Your task :: A complete and exact copy of the data below is required.

(Stored items)
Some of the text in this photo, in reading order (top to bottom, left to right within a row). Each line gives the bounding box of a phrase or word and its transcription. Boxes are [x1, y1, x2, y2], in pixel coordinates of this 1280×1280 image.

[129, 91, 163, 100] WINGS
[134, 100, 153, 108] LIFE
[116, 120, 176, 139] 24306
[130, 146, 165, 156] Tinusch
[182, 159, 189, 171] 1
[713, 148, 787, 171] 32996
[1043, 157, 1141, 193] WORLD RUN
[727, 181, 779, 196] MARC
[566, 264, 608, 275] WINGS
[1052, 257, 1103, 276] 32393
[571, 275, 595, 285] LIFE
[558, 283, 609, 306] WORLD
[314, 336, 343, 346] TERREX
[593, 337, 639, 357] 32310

Answer to this problem ::
Some of the text in this photo, in reading order (top to bottom, left to right within a row). Each line gives the bounding box of a phrase or word and its transcription. Boxes are [x1, y1, x2, y2], in pixel coordinates of this 1280×1280 image.

[129, 91, 163, 100] WINGS
[134, 100, 153, 108] LIFE
[116, 120, 176, 139] 24306
[130, 146, 165, 156] Tinusch
[182, 159, 189, 171] 1
[713, 148, 787, 171] 32996
[1043, 157, 1141, 193] WORLD RUN
[727, 181, 779, 196] MARC
[566, 264, 608, 275] WINGS
[1052, 257, 1103, 276] 32393
[571, 275, 595, 285] LIFE
[558, 283, 609, 306] WORLD
[314, 336, 343, 346] TERREX
[593, 337, 639, 357] 32310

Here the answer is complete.